- [Exercise data]

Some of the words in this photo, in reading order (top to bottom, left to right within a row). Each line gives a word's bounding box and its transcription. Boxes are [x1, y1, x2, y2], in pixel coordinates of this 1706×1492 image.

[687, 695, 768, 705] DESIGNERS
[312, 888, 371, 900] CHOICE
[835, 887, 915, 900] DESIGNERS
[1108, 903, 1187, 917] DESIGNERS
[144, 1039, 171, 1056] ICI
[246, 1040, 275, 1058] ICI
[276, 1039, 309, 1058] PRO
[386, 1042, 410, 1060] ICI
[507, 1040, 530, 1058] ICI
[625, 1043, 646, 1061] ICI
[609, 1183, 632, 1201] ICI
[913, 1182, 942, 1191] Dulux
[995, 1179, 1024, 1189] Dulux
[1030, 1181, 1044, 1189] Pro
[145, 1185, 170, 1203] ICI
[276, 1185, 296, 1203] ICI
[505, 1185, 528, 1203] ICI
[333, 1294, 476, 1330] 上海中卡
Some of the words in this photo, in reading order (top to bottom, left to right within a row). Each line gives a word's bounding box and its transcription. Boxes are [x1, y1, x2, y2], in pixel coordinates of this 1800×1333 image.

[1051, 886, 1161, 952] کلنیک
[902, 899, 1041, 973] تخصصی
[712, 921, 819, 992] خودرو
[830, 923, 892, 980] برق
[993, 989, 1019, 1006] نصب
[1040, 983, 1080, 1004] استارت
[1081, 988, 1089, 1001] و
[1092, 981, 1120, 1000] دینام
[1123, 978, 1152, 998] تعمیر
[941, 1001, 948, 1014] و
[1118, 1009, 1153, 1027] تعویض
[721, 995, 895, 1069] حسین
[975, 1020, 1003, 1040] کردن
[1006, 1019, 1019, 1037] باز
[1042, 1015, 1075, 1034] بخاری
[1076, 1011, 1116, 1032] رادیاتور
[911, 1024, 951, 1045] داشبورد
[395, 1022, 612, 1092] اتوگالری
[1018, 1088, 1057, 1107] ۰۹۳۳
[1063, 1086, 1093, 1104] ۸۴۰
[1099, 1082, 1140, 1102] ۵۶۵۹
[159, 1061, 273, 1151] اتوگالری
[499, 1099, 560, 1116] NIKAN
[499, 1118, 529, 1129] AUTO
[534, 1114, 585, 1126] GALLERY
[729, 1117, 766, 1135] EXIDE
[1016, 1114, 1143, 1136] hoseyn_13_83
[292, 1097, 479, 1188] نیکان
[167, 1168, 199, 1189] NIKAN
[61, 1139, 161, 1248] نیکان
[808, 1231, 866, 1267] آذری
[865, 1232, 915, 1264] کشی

- [Brief] An exact, complete copy of the data is the only acceptable answer.

- [Response box]
Some of the words in this photo, in reading order (top to bottom, left to right within a row). Each line gives a word's bounding box and its transcription. Boxes are [x1, y1, x2, y2], in pixel coordinates of this 1706×1492 image.

[687, 695, 768, 705] DESIGNERS
[312, 888, 371, 900] CHOICE
[835, 887, 915, 900] DESIGNERS
[1108, 903, 1187, 917] DESIGNERS
[144, 1039, 171, 1056] ICI
[246, 1040, 275, 1058] ICI
[276, 1039, 309, 1058] PRO
[386, 1042, 410, 1060] ICI
[507, 1040, 530, 1058] ICI
[625, 1043, 646, 1061] ICI
[609, 1183, 632, 1201] ICI
[913, 1182, 942, 1191] Dulux
[995, 1179, 1024, 1189] Dulux
[1030, 1181, 1044, 1189] Pro
[145, 1185, 170, 1203] ICI
[276, 1185, 296, 1203] ICI
[505, 1185, 528, 1203] ICI
[333, 1294, 476, 1330] 上海中卡
Some of the words in this photo, in reading order (top to bottom, left to right within a row). Each line gives a word's bounding box and its transcription. Boxes are [x1, y1, x2, y2], in pixel coordinates of this 1800×1333 image.

[1051, 886, 1161, 952] کلنیک
[902, 899, 1041, 973] تخصصی
[712, 921, 819, 992] خودرو
[830, 923, 892, 980] برق
[993, 989, 1019, 1006] نصب
[1040, 983, 1080, 1004] استارت
[1081, 988, 1089, 1001] و
[1092, 981, 1120, 1000] دینام
[1123, 978, 1152, 998] تعمیر
[941, 1001, 948, 1014] و
[1118, 1009, 1153, 1027] تعویض
[721, 995, 895, 1069] حسین
[975, 1020, 1003, 1040] کردن
[1006, 1019, 1019, 1037] باز
[1042, 1015, 1075, 1034] بخاری
[1076, 1011, 1116, 1032] رادیاتور
[911, 1024, 951, 1045] داشبورد
[395, 1022, 612, 1092] اتوگالری
[1018, 1088, 1057, 1107] ۰۹۳۳
[1063, 1086, 1093, 1104] ۸۴۰
[1099, 1082, 1140, 1102] ۵۶۵۹
[159, 1061, 273, 1151] اتوگالری
[499, 1099, 560, 1116] NIKAN
[499, 1118, 529, 1129] AUTO
[534, 1114, 585, 1126] GALLERY
[729, 1117, 766, 1135] EXIDE
[1016, 1114, 1143, 1136] hoseyn_13_83
[292, 1097, 479, 1188] نیکان
[167, 1168, 199, 1189] NIKAN
[61, 1139, 161, 1248] نیکان
[808, 1231, 866, 1267] آذری
[865, 1232, 915, 1264] کشی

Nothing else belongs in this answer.